# [WORK REQUIRED]
Only the words of the entries are wanted, repeated exactly and without images.

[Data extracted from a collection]
╭──

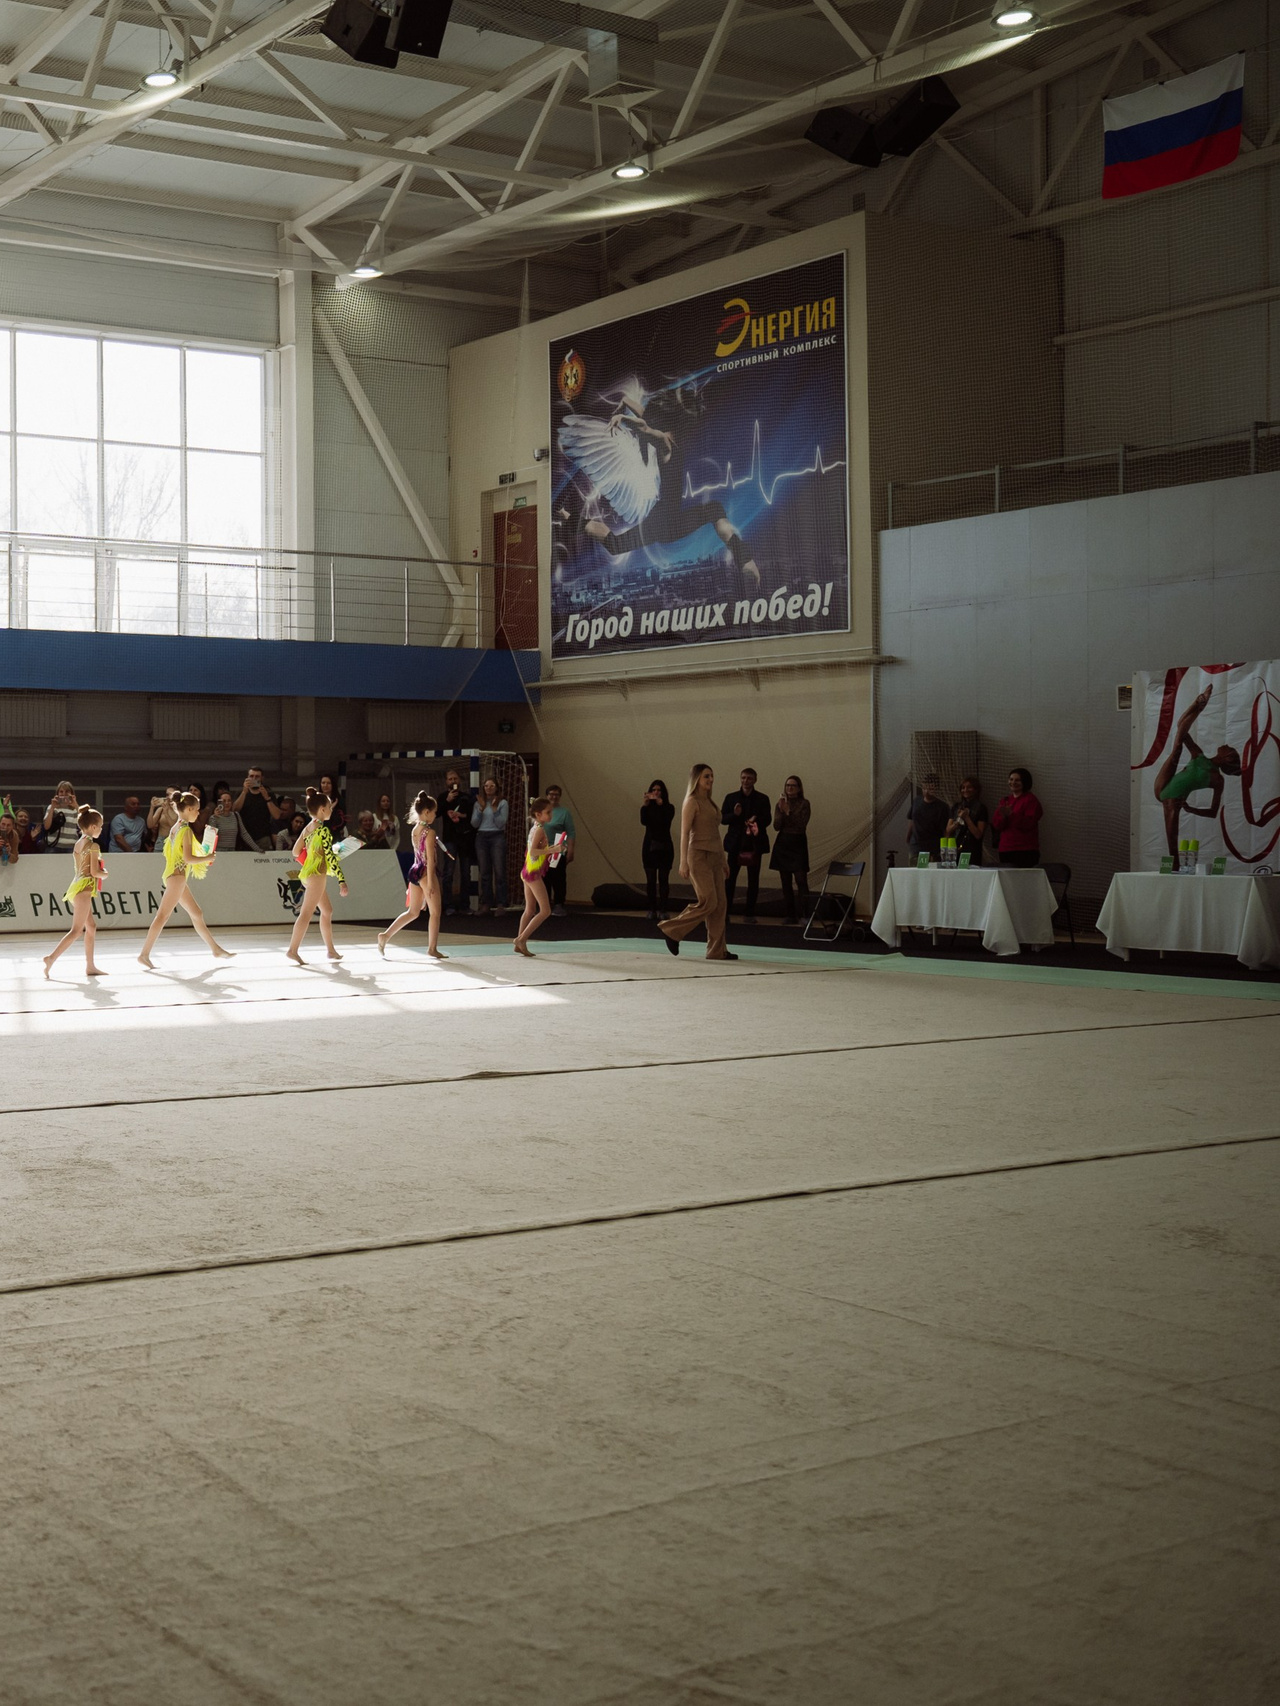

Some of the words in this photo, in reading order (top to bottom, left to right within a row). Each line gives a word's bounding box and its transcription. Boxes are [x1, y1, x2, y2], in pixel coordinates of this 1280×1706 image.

[715, 297, 836, 357] ЭНЕРГИЯ
[717, 349, 779, 373] СПОРТИВНЫЙ
[783, 335, 837, 356] КОМПЛЕКС
[565, 606, 634, 649] Город
[640, 602, 728, 635] наших
[733, 582, 834, 625] побед!
[30, 886, 177, 919] РАЦВЕТА

╰──

# [THE COMPLETED TASK]
Some of the words in this photo, in reading order (top to bottom, left to right within a row). Each line gives a word's bounding box and its transcription. Boxes are [x1, y1, x2, y2], in pixel coordinates of this 1280×1706 image.

[715, 297, 836, 357] ЭНЕРГИЯ
[717, 349, 779, 373] СПОРТИВНЫЙ
[783, 335, 837, 356] КОМПЛЕКС
[565, 606, 634, 649] Город
[640, 602, 728, 635] наших
[733, 582, 834, 625] побед!
[30, 886, 177, 919] РАЦВЕТА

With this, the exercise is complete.